• [MATERIAL FOR THIS EXERCISE]:
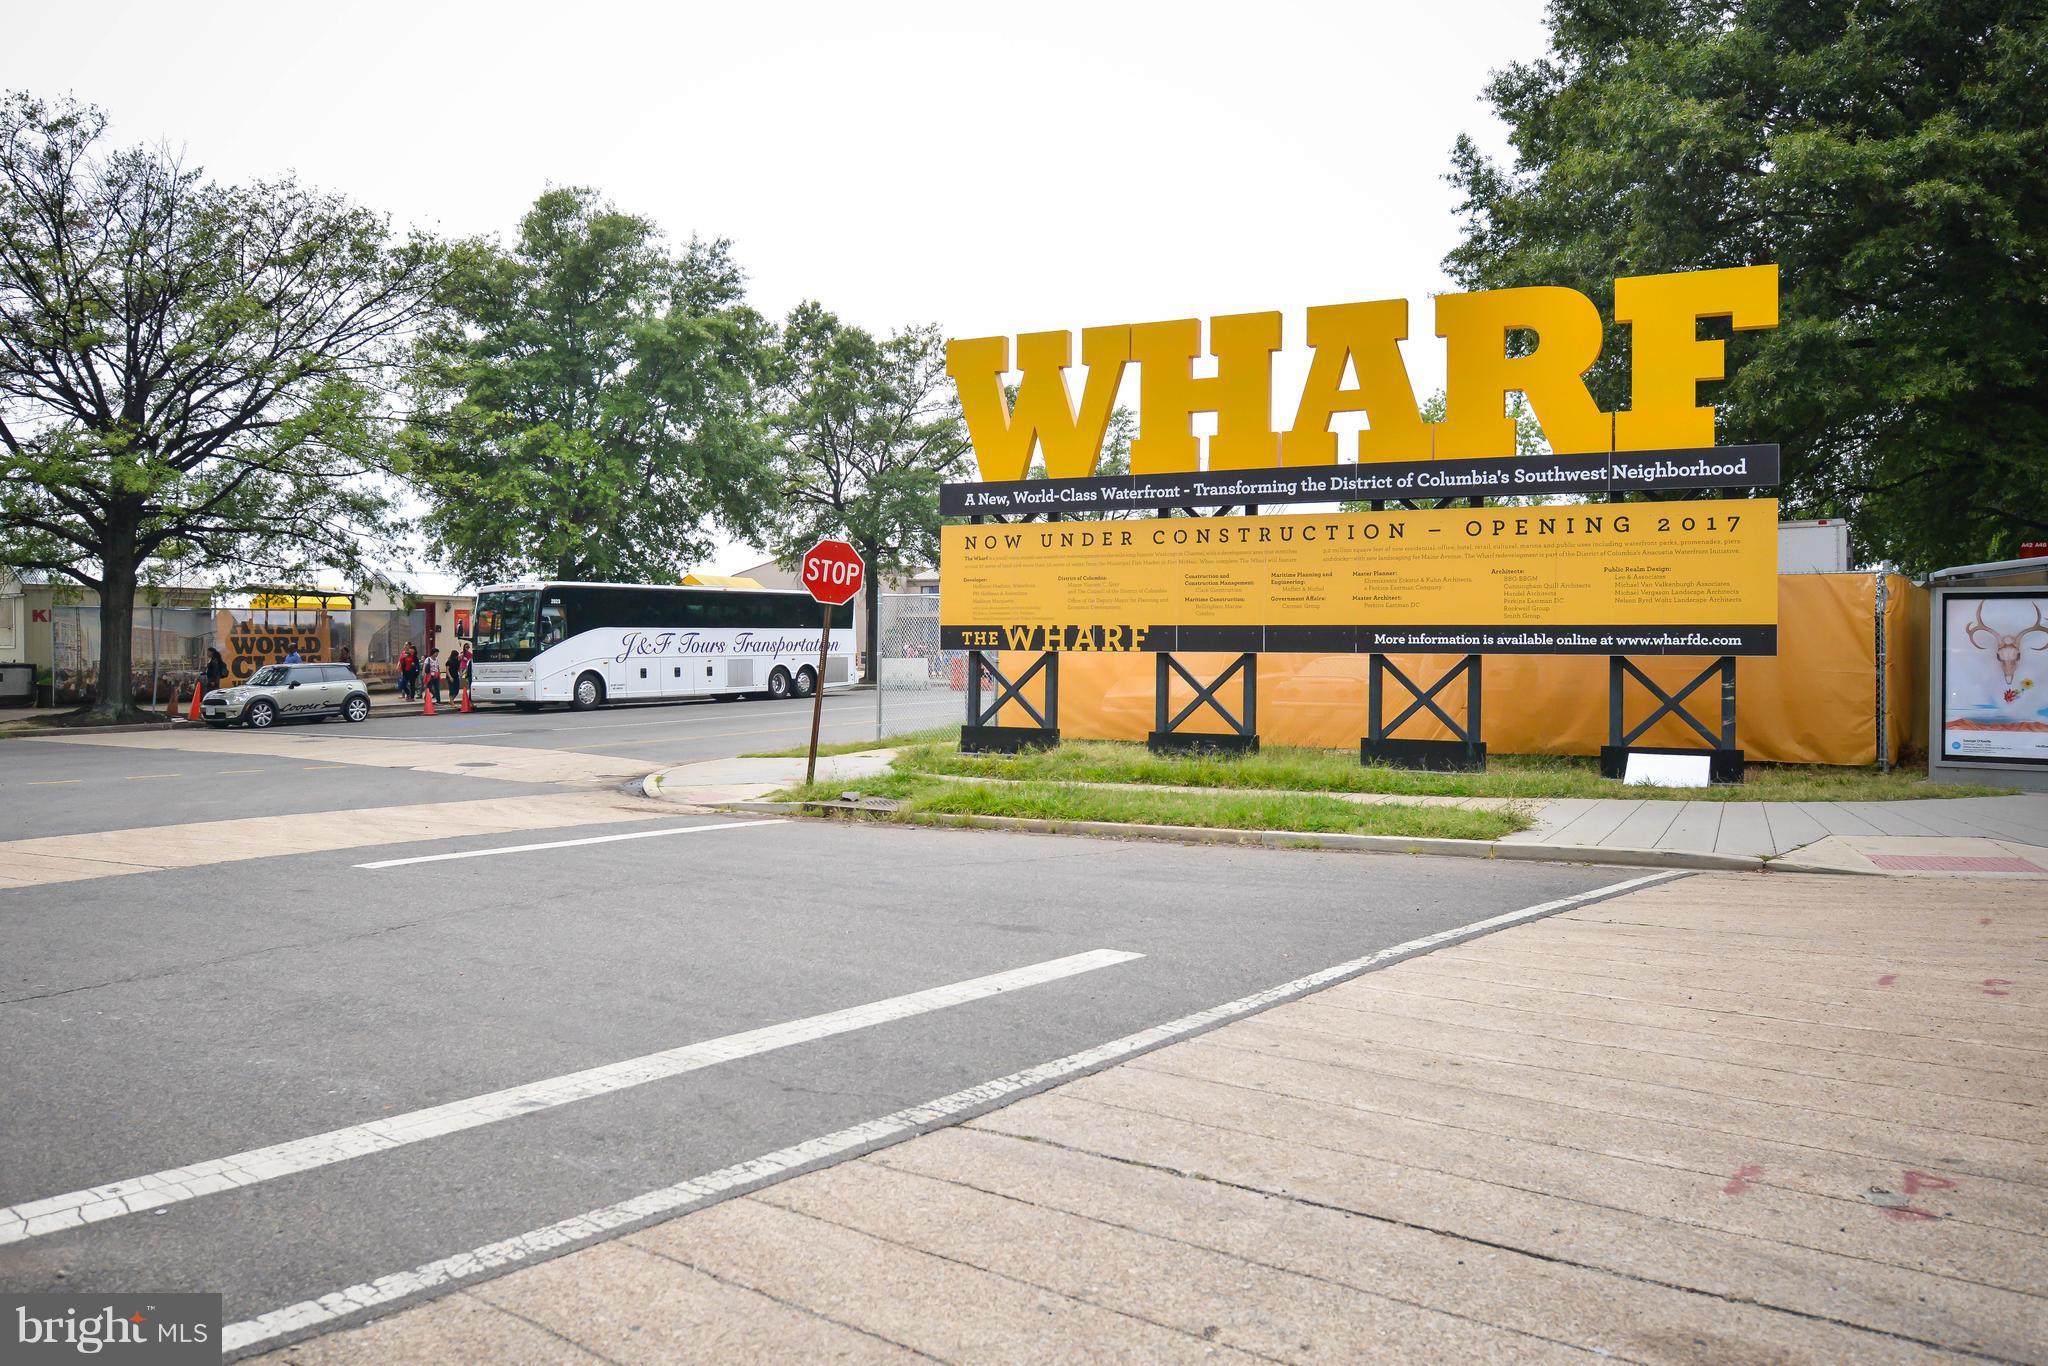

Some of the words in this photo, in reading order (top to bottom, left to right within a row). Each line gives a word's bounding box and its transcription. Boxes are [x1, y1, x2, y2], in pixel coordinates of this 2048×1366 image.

[946, 264, 1779, 482] WHARF
[965, 494, 975, 505] A
[978, 493, 1009, 506] New,
[1013, 488, 1097, 504] World-Class
[1101, 484, 1180, 500] Waterfront
[1194, 480, 1297, 496] Transforming
[1301, 477, 1326, 492] the
[1330, 475, 1392, 491] District
[1397, 473, 1414, 487] of
[1418, 469, 1509, 487] Columbia's
[1515, 465, 1607, 483] Southwest
[1612, 458, 1747, 482] Neighborhood
[965, 535, 1021, 549] NOW
[1041, 532, 1132, 547] UNDER
[1153, 523, 1404, 544] CONSTRUCTION
[1466, 517, 1630, 536] OPENING
[1658, 517, 1741, 533] 2017
[807, 558, 860, 586] STOP
[1654, 581, 1694, 589] Valkenburgh
[230, 637, 321, 654] WORLD
[616, 632, 676, 663] J&F
[678, 632, 727, 654] Tours
[733, 632, 840, 659] Transportaton
[962, 632, 998, 645] THE
[1002, 625, 1149, 651] WHARF
[1374, 634, 1405, 645] More
[1408, 633, 1480, 645] information
[1483, 634, 1493, 645] is
[1496, 633, 1553, 645] available
[1557, 633, 1597, 645] online
[1600, 635, 1613, 645] at
[1616, 633, 1742, 645] www.wharfdc.com
[280, 704, 320, 712] Cooper

• [THE PROBLEM]: Retype all the records exactly and keep out every picture.

• [ANSWER TO THIS EXERCISE]:
Some of the words in this photo, in reading order (top to bottom, left to right within a row). Each line gives a word's bounding box and its transcription. Boxes are [x1, y1, x2, y2], in pixel coordinates of this 2048×1366 image.

[946, 264, 1779, 482] WHARF
[965, 494, 975, 505] A
[978, 493, 1009, 506] New,
[1013, 488, 1097, 504] World-Class
[1101, 484, 1180, 500] Waterfront
[1194, 480, 1297, 496] Transforming
[1301, 477, 1326, 492] the
[1330, 475, 1392, 491] District
[1397, 473, 1414, 487] of
[1418, 469, 1509, 487] Columbia's
[1515, 465, 1607, 483] Southwest
[1612, 458, 1747, 482] Neighborhood
[965, 535, 1021, 549] NOW
[1041, 532, 1132, 547] UNDER
[1153, 523, 1404, 544] CONSTRUCTION
[1466, 517, 1630, 536] OPENING
[1658, 517, 1741, 533] 2017
[807, 558, 860, 586] STOP
[1654, 581, 1694, 589] Valkenburgh
[230, 637, 321, 654] WORLD
[616, 632, 676, 663] J&F
[678, 632, 727, 654] Tours
[733, 632, 840, 659] Transportaton
[962, 632, 998, 645] THE
[1002, 625, 1149, 651] WHARF
[1374, 634, 1405, 645] More
[1408, 633, 1480, 645] information
[1483, 634, 1493, 645] is
[1496, 633, 1553, 645] available
[1557, 633, 1597, 645] online
[1600, 635, 1613, 645] at
[1616, 633, 1742, 645] www.wharfdc.com
[280, 704, 320, 712] Cooper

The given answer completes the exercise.